Where the pivot will go and what all this means is something that will unfold, probably relatively quickly, over the next week or two. But we want to offer a starting point here from which to base further analysis. At this time, of course, there are few hard facts other than the fact that Robert Mueller III submitted his report to the US Attorney General, William Barr, who then wrote and released his own report to the public Sunday evening. We reproduce that report here in full, with some emphases added to points that we think will be relevant to forthcoming pieces on this topic.

The end of the Mueller investigation brings concerns, hopes and fears to many people, on topics such as:

  • Will President Trump now begin to normalize relations with President Putin at full speed?
  • In what direction will the Democrats pivot to continue their attacks against the President?
  • What does this finding to to the 2020 race?
  • What does this finding do to the credibility of the United States’ leadership establishment, both at home and abroad?
  • What can we learn about our nation and culture from this investigation?
  • How does a false narrative get maintained so easily for so long, and
  • What do we do, or what CAN we do to prevent this being repeated?

These questions and more will be addressed in forthcoming pieces. But for now, here is the full text of the letter written by Attorney General William Barr concerning the Russia collusion investigation.

Dear Chairman Graham, Chairman Nadler, Ranking Member Feinstein, and Ranking Member Collins:
As a supplement to the notification provided on Friday, March 22, 2019, I am writing today to advise you of the principal conclusions reached by Special Counsel Robert S. Mueller and to inform you about the status of my initial review of the report he has prepared.
The Special Counsel’s Report
On Friday, the Special Counsel submitted to me a “confidential report explaining the prosecution or declination decisions” he has reached, as required by 28 C.F.R. § 600.8(c). This report is entitled “Report on the Investigation into Russian Interference in the 2016 Presidential Election.” Although my review is ongoing, I believe that it is in the public interest to describe the report and to summarize the principal conclusions reached by the Special Counsel and the results of his investigation.

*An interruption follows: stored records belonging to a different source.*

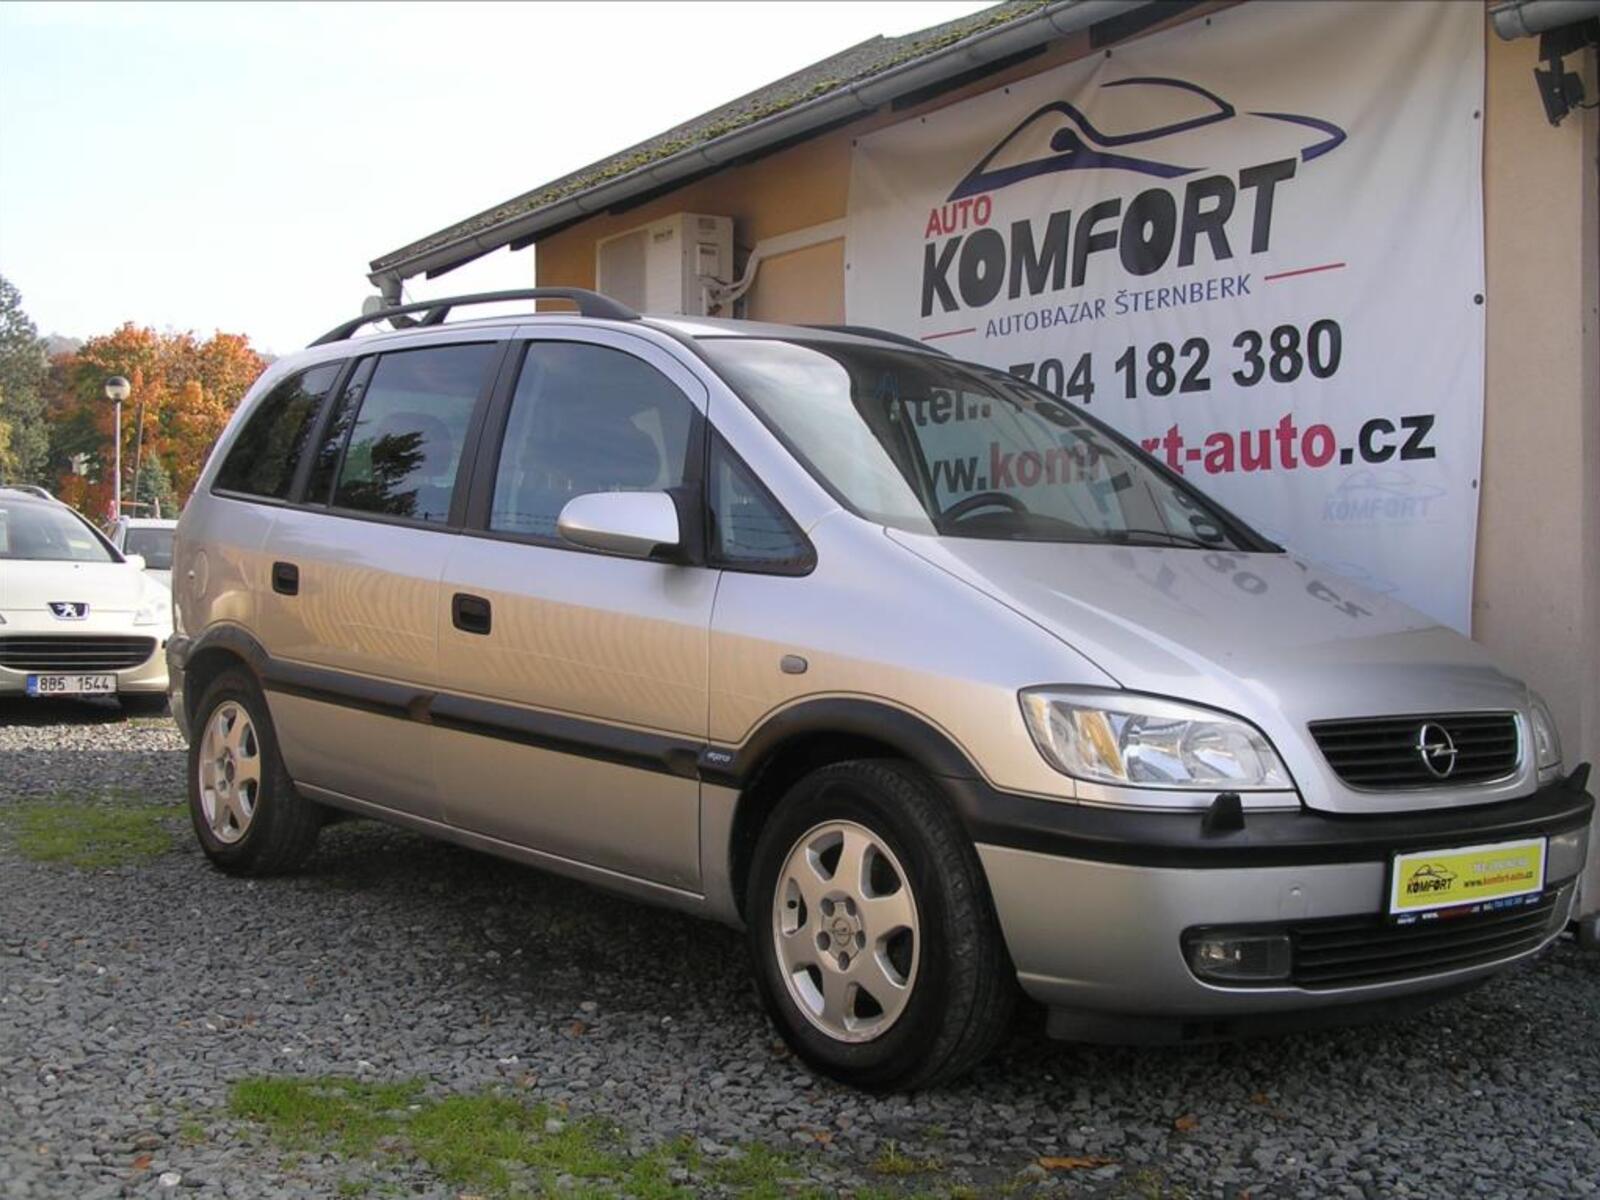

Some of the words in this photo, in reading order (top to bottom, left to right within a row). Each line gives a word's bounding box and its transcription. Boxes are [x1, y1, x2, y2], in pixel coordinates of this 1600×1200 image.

[920, 157, 1297, 318] KOMFORT
[925, 194, 993, 239] AUTO
[985, 297, 1107, 339] AUTOBAZAR
[1114, 273, 1252, 316] ŠTERNBERK
[1114, 337, 1212, 399] 182
[1231, 318, 1343, 387] 380
[77, 677, 110, 692] 1544
[1406, 878, 1453, 894] KOMFORT

The report explains that the Special Counsel and his staff thoroughly investigated allegations that members of the presidential campaign of Donald J. Trump, and others associated with it, conspired with the Russian government in its efforts to interfere in the 2016 U.S. presidential election, or sought to obstruct the related federal investigations. In the report, the Special Counsel noted that, in completing his investigation, he employed 19 lawyers who were assisted by a team of approximately 40 FBI agents, intelligence forensic accountants, and other professional staff. The Special Counsel issued more than 2,800 subpoenas, executed nearly 500 search warrants, obtained more than 230 orders for communication records, issued almost 50 orders authorizing use of pen registers, made 13 requests to foreign governments for evidence, and interviewed approximately 500 witnesses.

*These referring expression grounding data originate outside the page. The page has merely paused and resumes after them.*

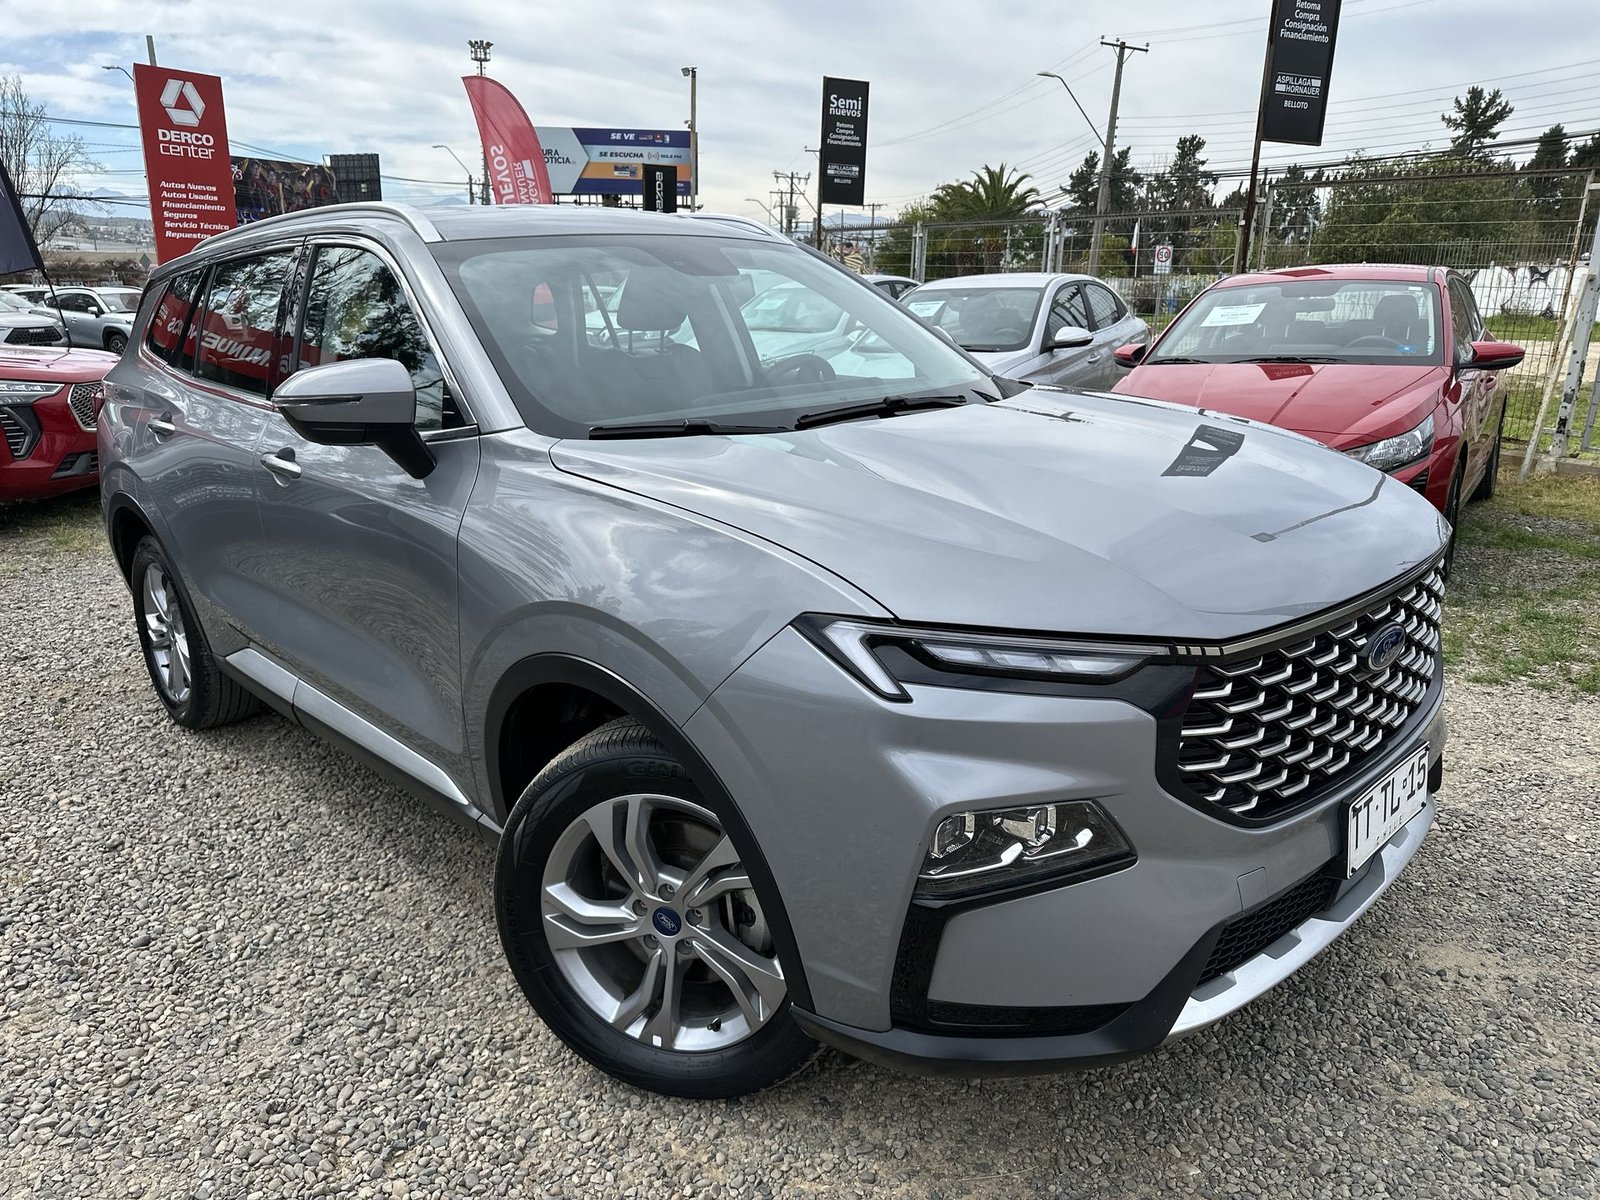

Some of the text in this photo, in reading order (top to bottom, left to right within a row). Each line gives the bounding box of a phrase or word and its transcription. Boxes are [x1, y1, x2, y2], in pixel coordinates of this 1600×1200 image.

[1296, 0, 1321, 11] Retoma
[1294, 10, 1320, 22] Compra
[1284, 18, 1327, 34] Consignación
[1280, 29, 1329, 43] Financiamiento
[1276, 75, 1312, 87] ASPILLAGA
[1285, 86, 1320, 95] HORNAUER
[829, 94, 862, 110] Semi
[1283, 100, 1309, 109] BELLOTO
[829, 107, 862, 118] nuevos
[836, 121, 854, 129] Retoma
[157, 128, 214, 146] DERCO
[610, 132, 622, 140] SE
[623, 133, 635, 141] VE
[827, 138, 862, 147] Financiamiento
[159, 143, 215, 160] center
[609, 151, 644, 159] ESCUCHA
[160, 181, 217, 192] Autos Nuevos
[161, 190, 218, 201] Autos Usados
[162, 200, 226, 211] Financiamiento
[163, 211, 198, 220] Seguros
[164, 221, 230, 231] Servicio Técnico
[165, 230, 211, 239] Repuestos

The Special Counsel obtained a number of indictments and convictions of individuals and entities in connection with his investigation, all of which have been publicly disclosed. During the course of his investigation, the Special Counsel also referred several matters to other offices for further action. The report does not recommend any further indictments, nor did the Special Counsel obtain any sealed indictments that have yet to be made public. Below, I summarize the principal conclusions set out in the Special Counsel’s report.
Russian Interference in the 2016 U.S. Presidential Election.

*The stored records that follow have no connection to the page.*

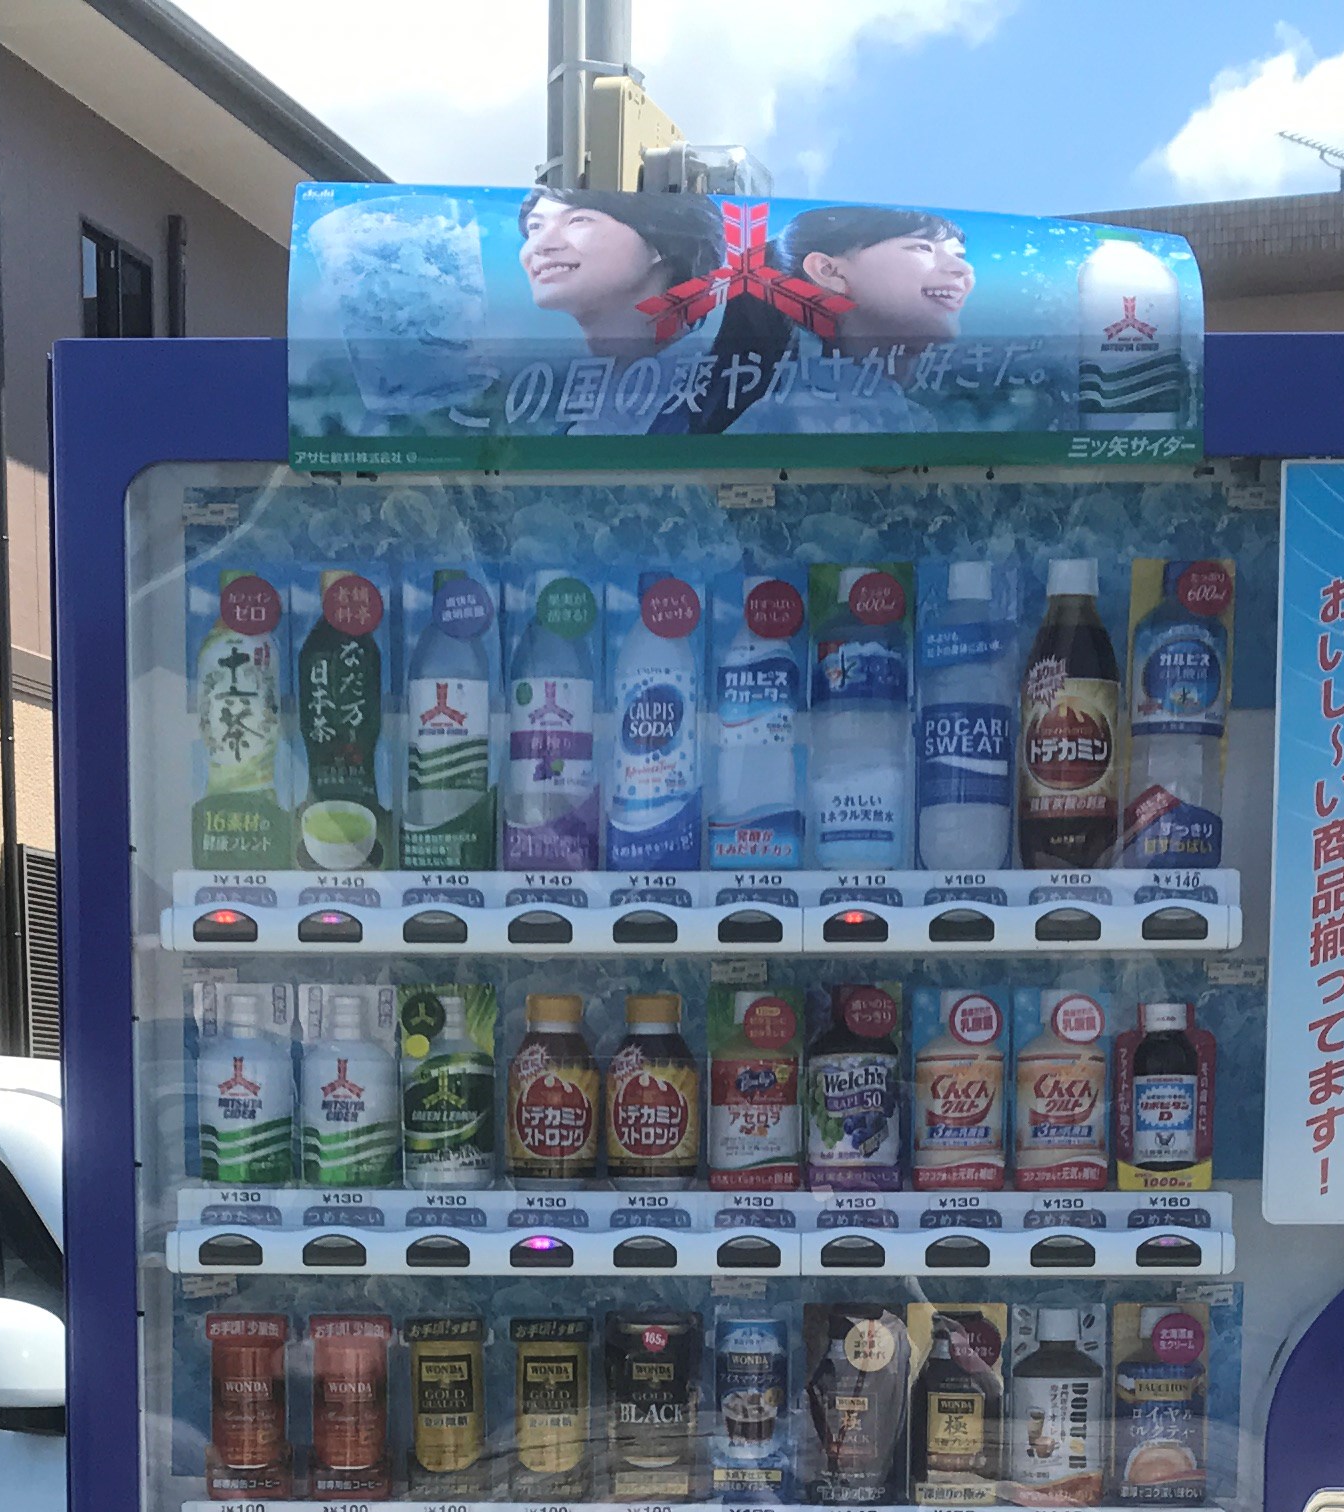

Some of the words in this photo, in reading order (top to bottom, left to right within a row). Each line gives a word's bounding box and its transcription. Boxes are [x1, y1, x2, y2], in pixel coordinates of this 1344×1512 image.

[448, 338, 1048, 428] この国の爽やかさが好きだ。
[1068, 435, 1196, 458] 三ツ矢サイダー
[233, 604, 266, 622] ゼロ
[1159, 652, 1211, 667] カルピス
[725, 671, 788, 687] カルピス
[724, 687, 789, 703] ウォーター
[308, 659, 337, 744] 日本茶
[629, 703, 675, 722] CALPIS
[629, 721, 675, 738] SODA
[925, 717, 1010, 738] POCARI
[925, 735, 1004, 756] SWEAT
[1030, 737, 1109, 763] ドデカミン
[831, 795, 883, 807] うれしい
[1160, 821, 1213, 838] すっきり
[220, 874, 267, 886] ¥140
[317, 876, 366, 888] ¥140
[422, 874, 470, 886] ¥140
[525, 874, 573, 886] ¥140
[629, 875, 677, 887] ¥140
[734, 874, 783, 886] ¥140
[838, 875, 886, 887] ¥110
[824, 1067, 885, 1094] Welch's
[863, 1091, 882, 1108] 50
[729, 1111, 781, 1127] アセロラ
[1157, 1111, 1173, 1122] D
[221, 1192, 261, 1203] ¥130
[323, 1193, 363, 1204] ¥130
[427, 1195, 467, 1206] ¥130
[527, 1197, 567, 1208] ¥130
[629, 1196, 669, 1207] ¥130
[734, 1196, 774, 1207] ¥130
[836, 1197, 876, 1208] ¥130
[939, 1197, 980, 1208] ¥130
[1044, 1198, 1084, 1209] ¥130
[1159, 1339, 1195, 1350] 生クリーム
[730, 1354, 770, 1366] WONDA
[424, 1364, 465, 1377] WONDA
[529, 1365, 570, 1377] WONDA
[224, 1381, 269, 1393] WONDA
[328, 1382, 373, 1394] WONDA
[424, 1388, 465, 1400] GOLD
[529, 1389, 570, 1400] GOLD
[940, 1400, 973, 1412] WONDA
[620, 1403, 683, 1424] BLACK
[1132, 1407, 1192, 1422] ロイヤル
[944, 1414, 968, 1436] 極

The Special Counsel’s report is divided into two parts. The first describes the results of the Special Counsel’s investigation into Russia’s interference in the 2016 U.S. presidential election. The report outlines the Russian effort to influence the election and documents crimes committed by persons associated with the Russian government in connection with those efforts. The report further explains that a primary consideration for the Special Counsel’s investigation was whether any Americans including individuals associated with the Trump campaign joined the Russian conspiracies to influence the election, which would be a federal crime. The Special Counsel’s investigation did not find that the Trump campaign or anyone associated with it conspired or coordinated with Russia in its efforts to influence the 2016 U.S. presidential election. As the report states: “[T]he investigation did not establish that members of the Trump Campaign conspired or coordinated with the Russian government in its election interference activities.”
The Special Counsel’s investigation determined that there were two main Russian efforts to influence the 2016 election. The first involved attempts by a Russian organization, the Internet Research Agency (IRA), to conduct disinformation and social media operations in the United States designed to sow social discord, eventually with the aim of interfering with the election. As noted above, the Special Counsel did not find that any U.S. person or Trump campaign official or associate conspired or knowingly coordinated with the IRA in its efforts, although the Special Counsel brought criminal charges against a number of Russian nationals and entities in connection with these activities.
The second element involved the Russian government’s efforts to conduct computer hacking operations designed to gather and disseminate information to influence the election. The Special Counsel found that Russian government actors successfully hacked into computers and obtained emails from persons affiliated with the Clinton campaign and Democratic Party organizations, and publicly disseminated those materials through various intermediaries, including WikiLeaks. Based on these activities, the Special Counsel brought criminal charges against a number of Russian military officers for conspiring to hack into computers in the United States for purposes of influencing the election. But as noted above, the Special Counsel did not find that the Trump campaign, or anyone associated with it, conspired or coordinated with the Russian government in these efforts, despite multiple offers from Russian-affiliated individuals to assist the Trump campaign.
Obstruction of Justice.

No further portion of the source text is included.